ふふっと笑うルリを見て、幽も瞳を和らげた気がした。

「逃げるならいつだってできるよ。もう少し調べてからでもできる。……ねぇ、ルリさん、このストーカーはダラーズっていう組織の一員って噂があるの知ってた?」

幽の思わぬ言葉にルリは首を振る。ダラーズどころか、幽が、ルリがストーカー被害にあっていることを既に知っていたことすら初耳だ。

「社長から聞いてね、いろいろ調べてみたんだ。いつ相談してくれるのかと思ったら、いきなり別れるなんて言われてびっくりしたよ」
 
淡々と告げる幽に驚いた様子など全く見受けられない。

「ダラーズに詳しそうな人が知り合いにいてね、逃げるならその人に相談してからでも遅くないと思うんだ。ルリさんが本当に逃げたくなったら、いつでも言って。全力でバックアップするから。お金も結構持ってるし」

12億の大金を結構などと軽く言い表して、幽は立ち上がり、まだしゃがみこんでいるルリに手を差し出す。

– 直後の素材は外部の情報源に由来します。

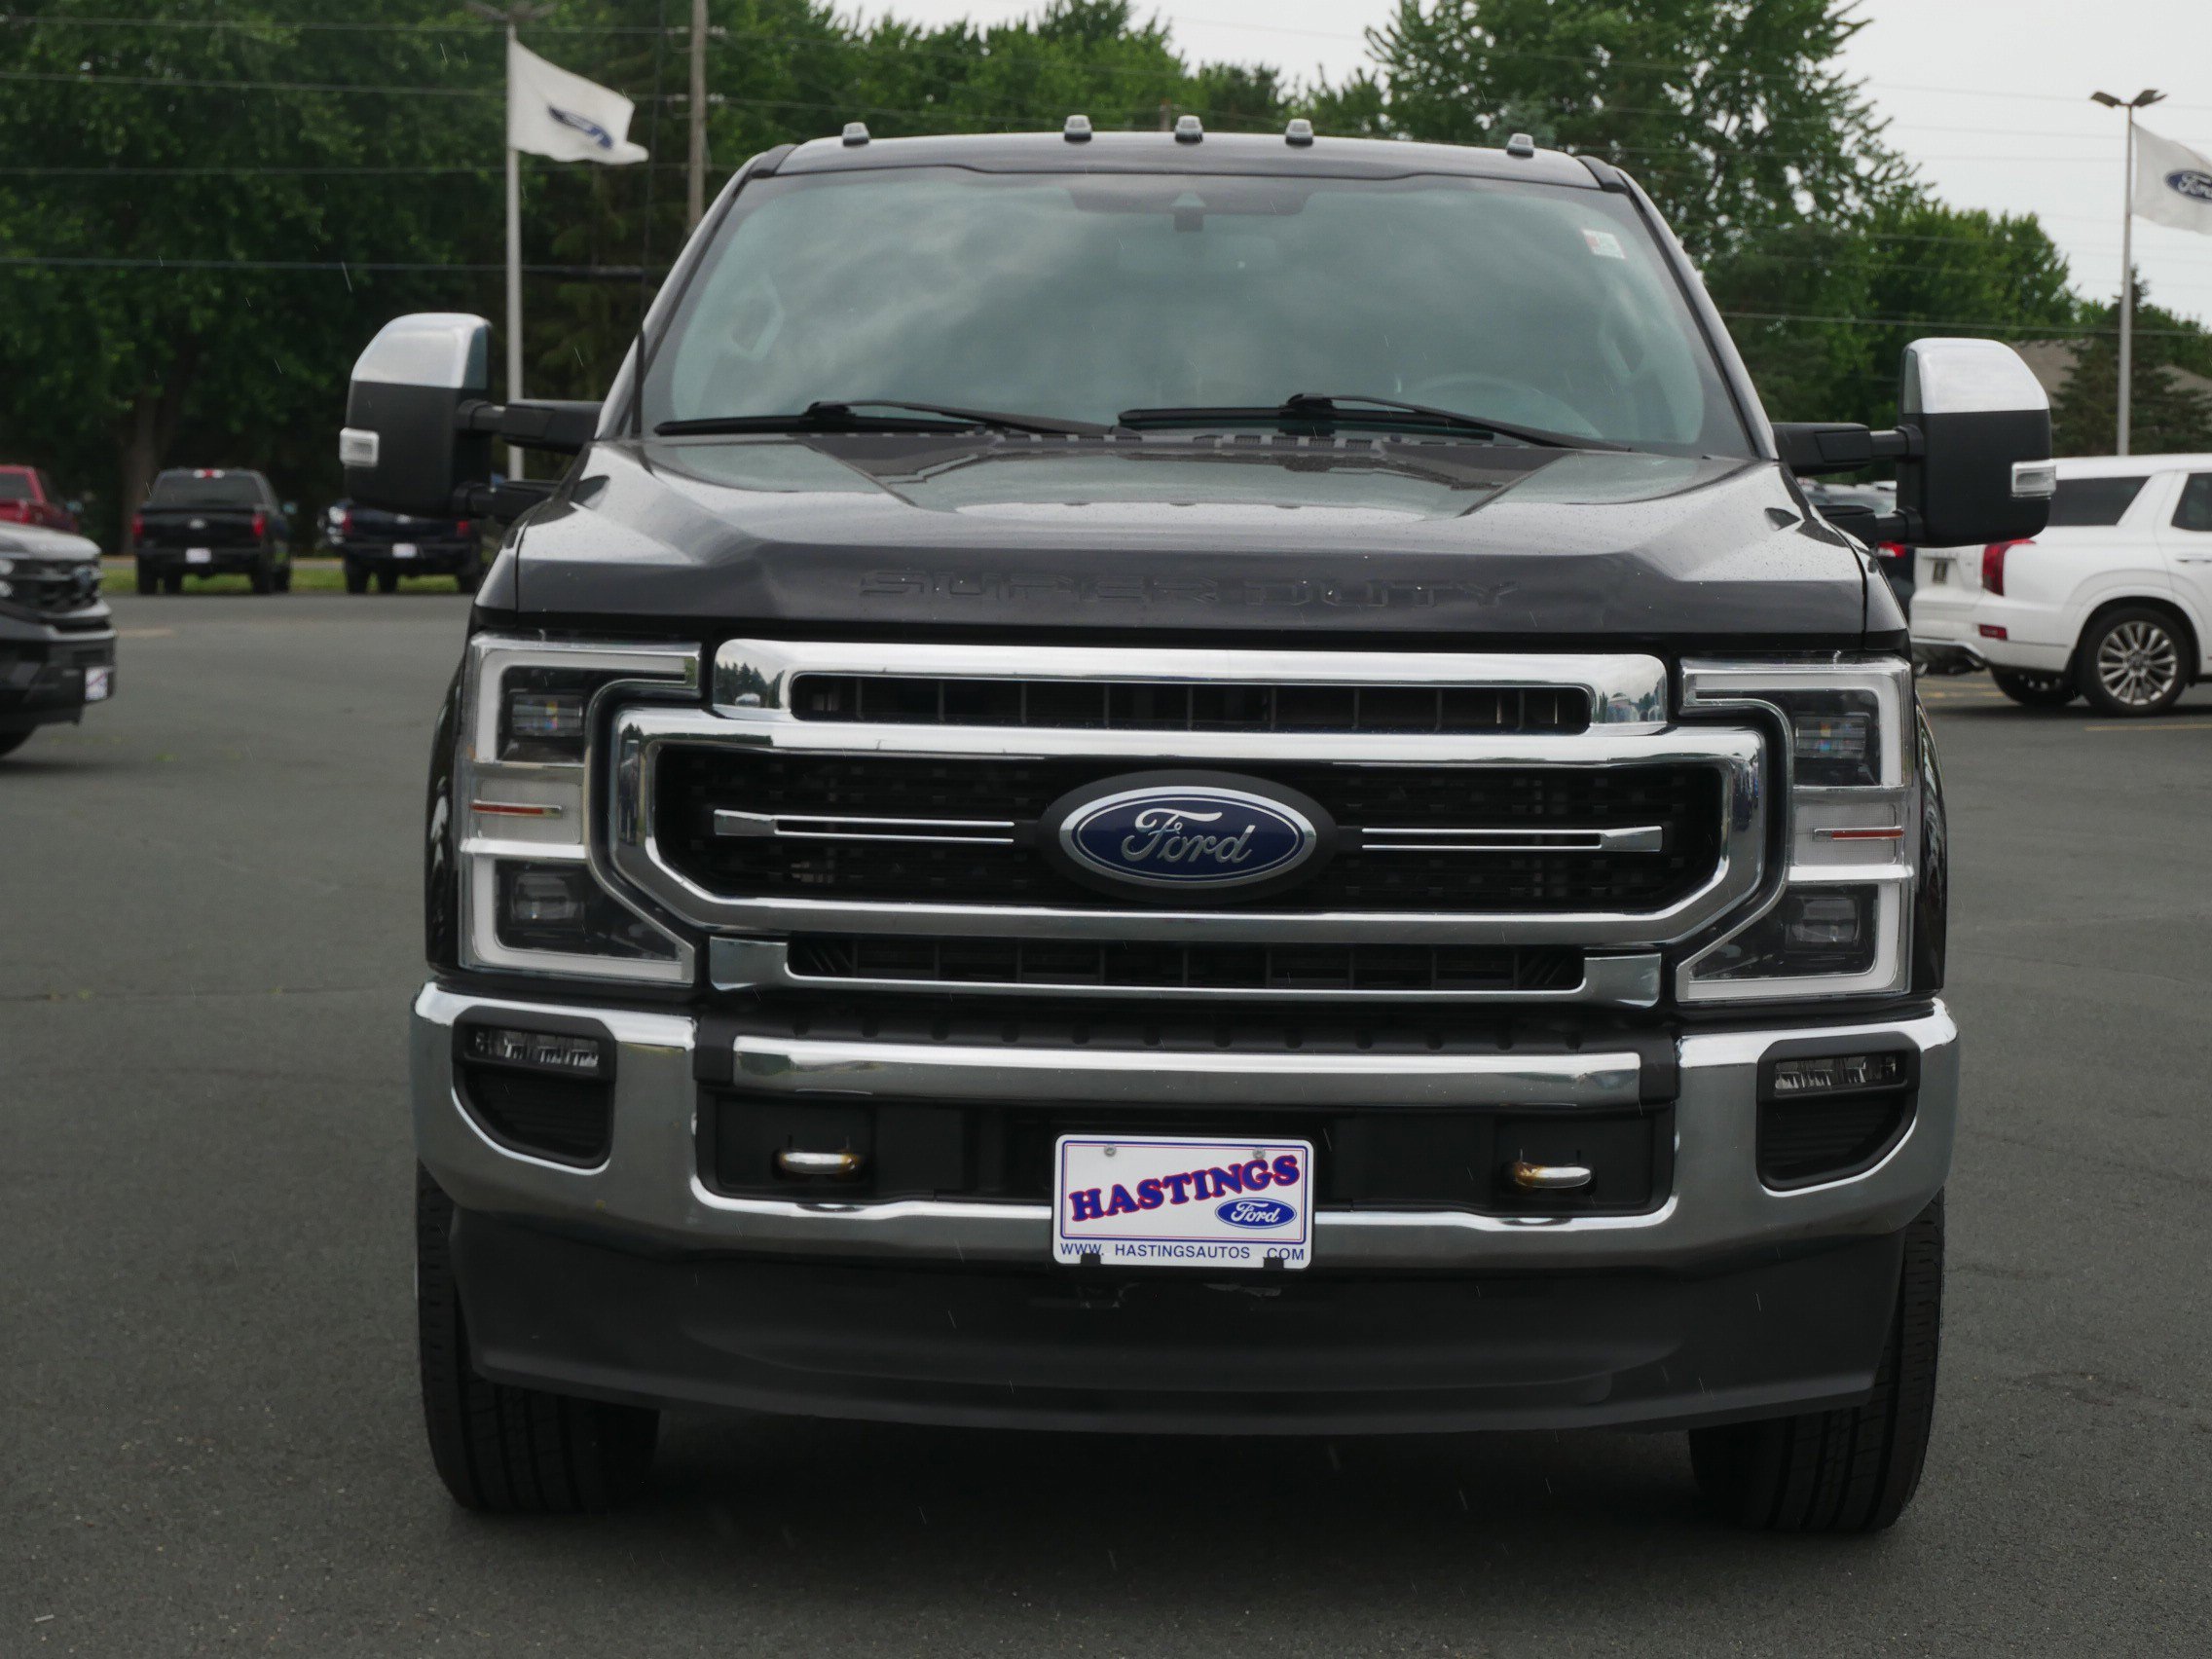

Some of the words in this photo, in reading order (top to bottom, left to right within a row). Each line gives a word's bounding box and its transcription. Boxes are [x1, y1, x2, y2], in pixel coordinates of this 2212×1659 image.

[861, 570, 1219, 605] SUPER
[1244, 577, 1520, 608] DUTY
[1122, 807, 1256, 864] Ford
[1068, 1155, 1300, 1222] HASTINGS
[1231, 1200, 1279, 1223] Ford
[1115, 1245, 1250, 1259] HASTINGSAUTOS
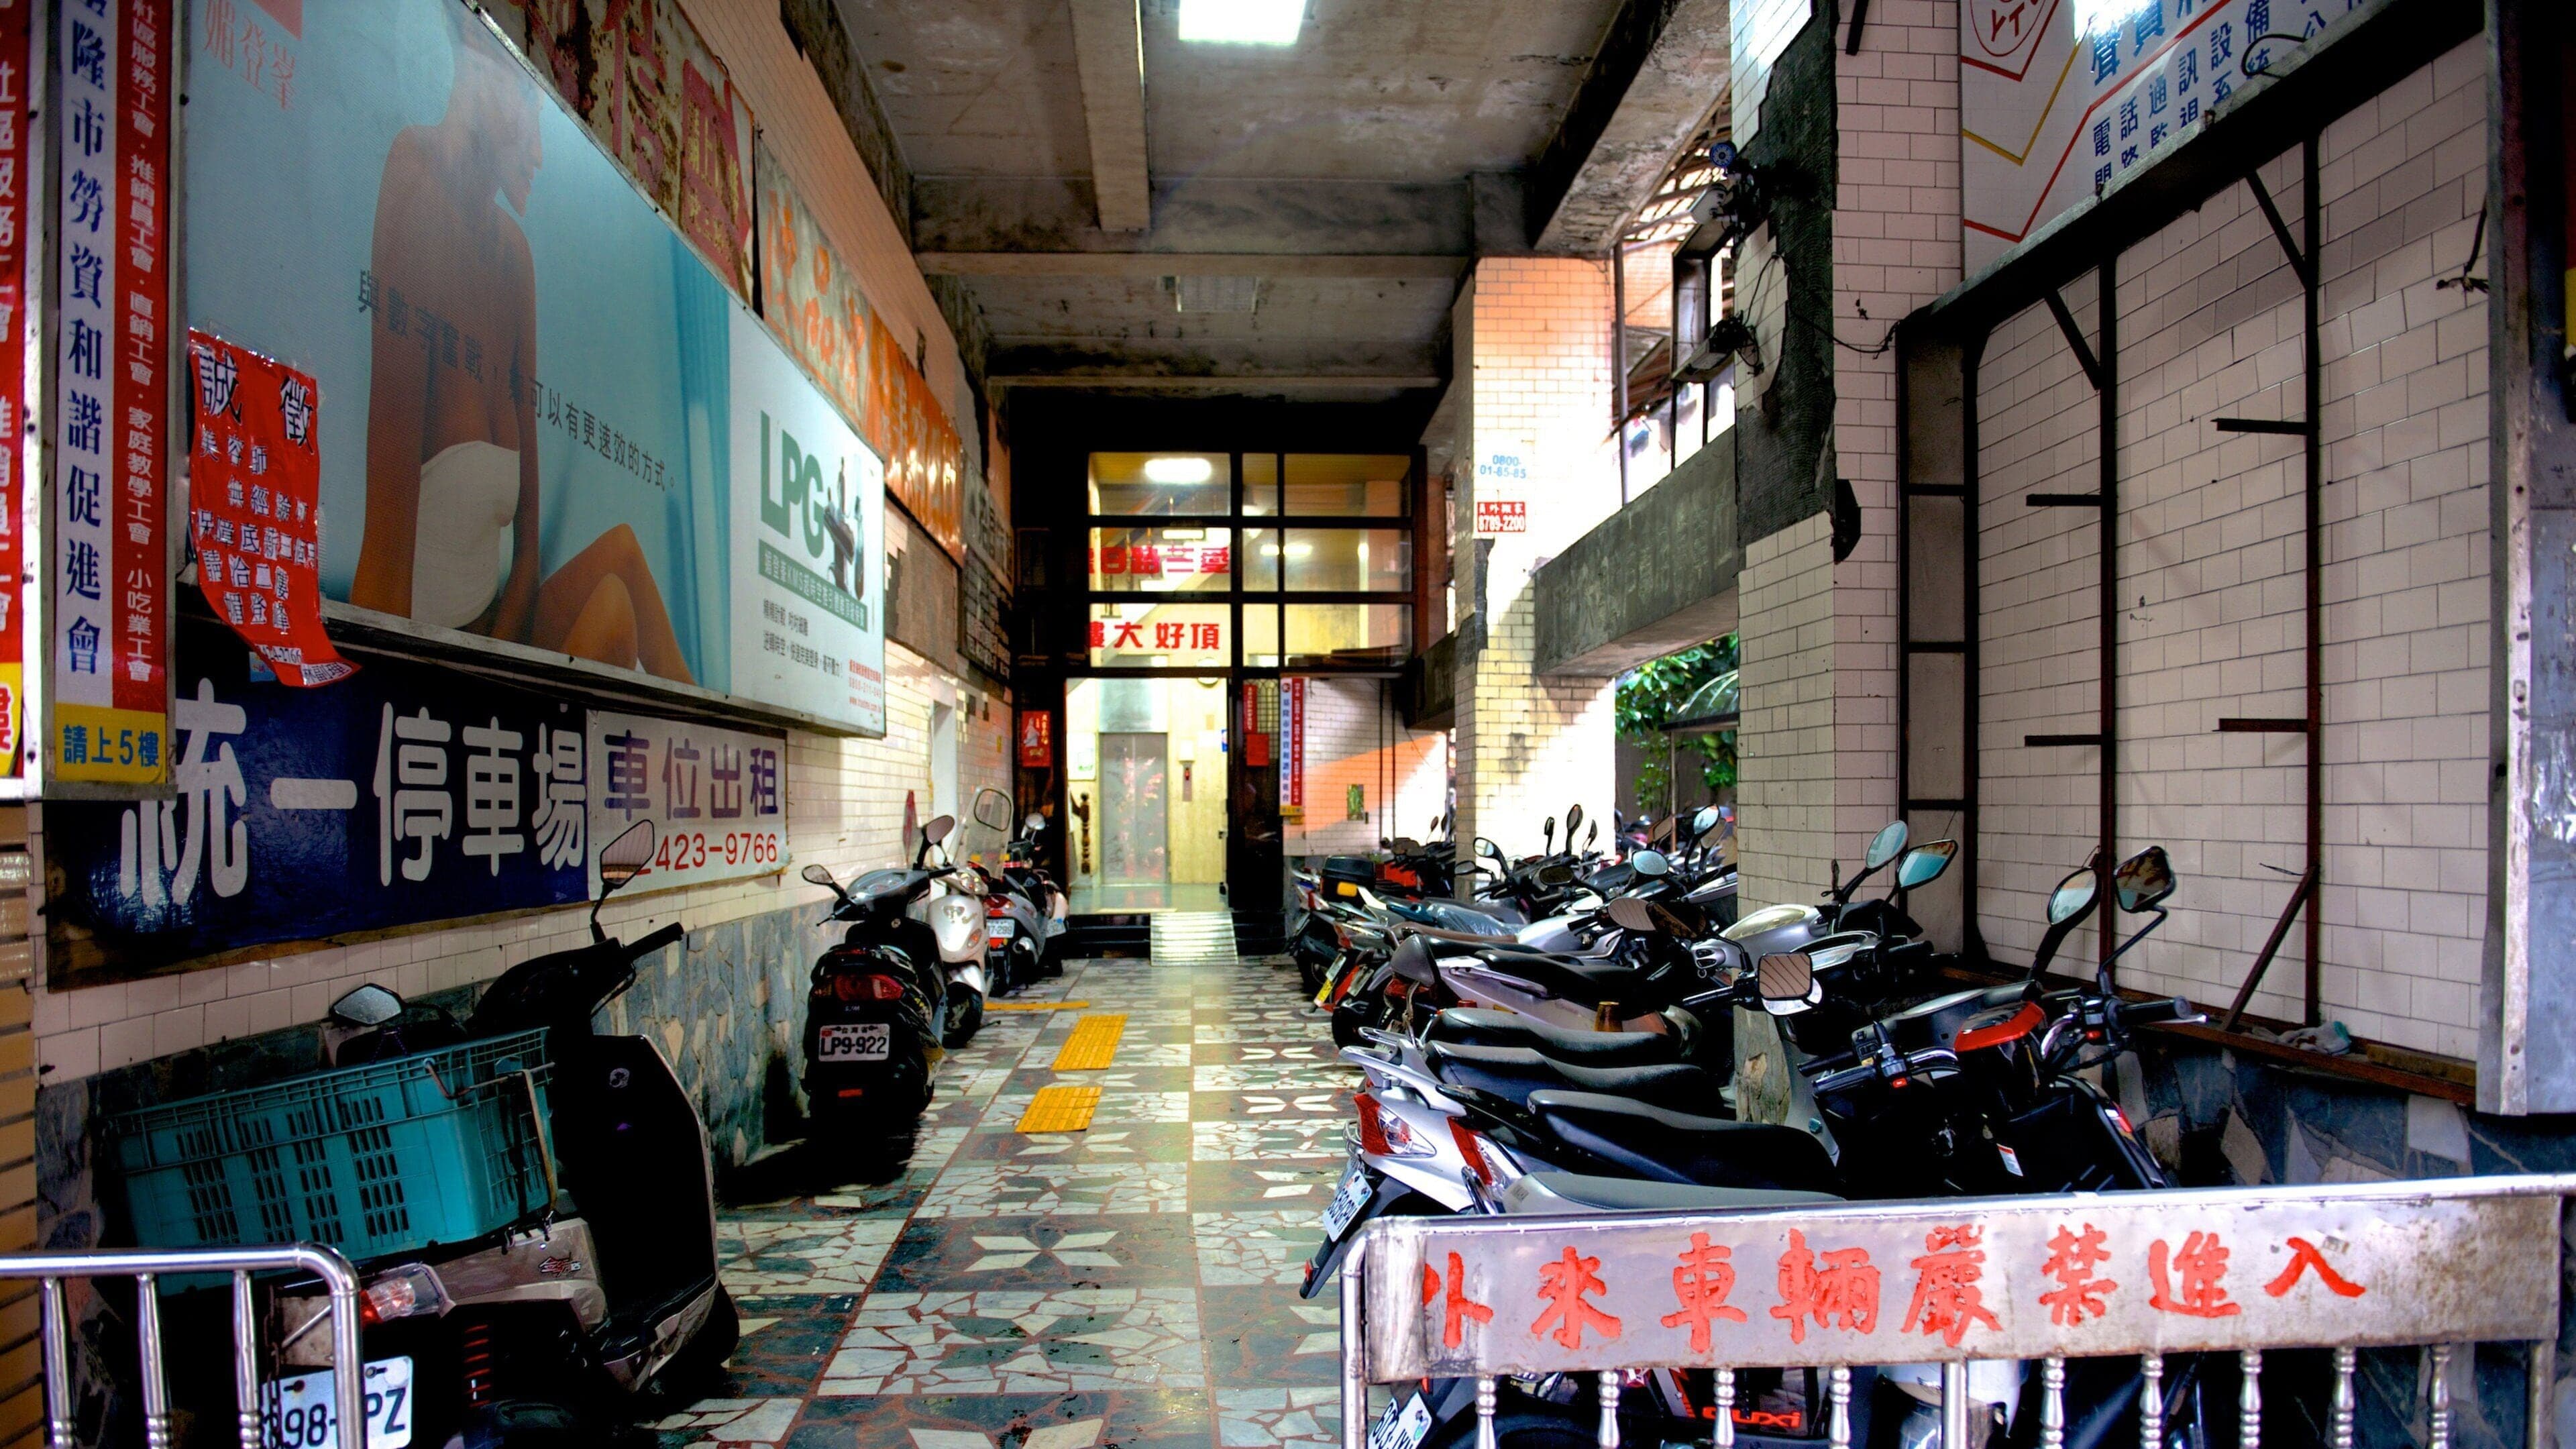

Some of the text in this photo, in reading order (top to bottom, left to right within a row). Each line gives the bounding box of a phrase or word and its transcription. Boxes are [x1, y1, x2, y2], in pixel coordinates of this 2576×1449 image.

[200, 429, 268, 475] 美容師
[761, 410, 824, 559] LPG
[63, 724, 160, 768] 請上5樓
[604, 729, 778, 821] 車位出租
[635, 833, 777, 876] 423-9766
[820, 1036, 886, 1056] LP9-922

「ねぇルリさんさっき言ったでしょ?僕の幸せを願ってるって。僕はルリさんがいないと幸せになれないんだよ。わかる?」

幽のいつも通りの何の感情もこもらない声に、どこか縋るような響きを感じてルリは思わずうなずいてしまう。

「ルリさんは僕が守るから」

兄のような力もなく、ルリよりもずっとか弱い青年は静かにそう宣言する。
それはまるで特撮映画の怪獣を倒し、町に平和をもたらすヒーローのようにルリには映った。
怪物はそっとヒーローの手を握る。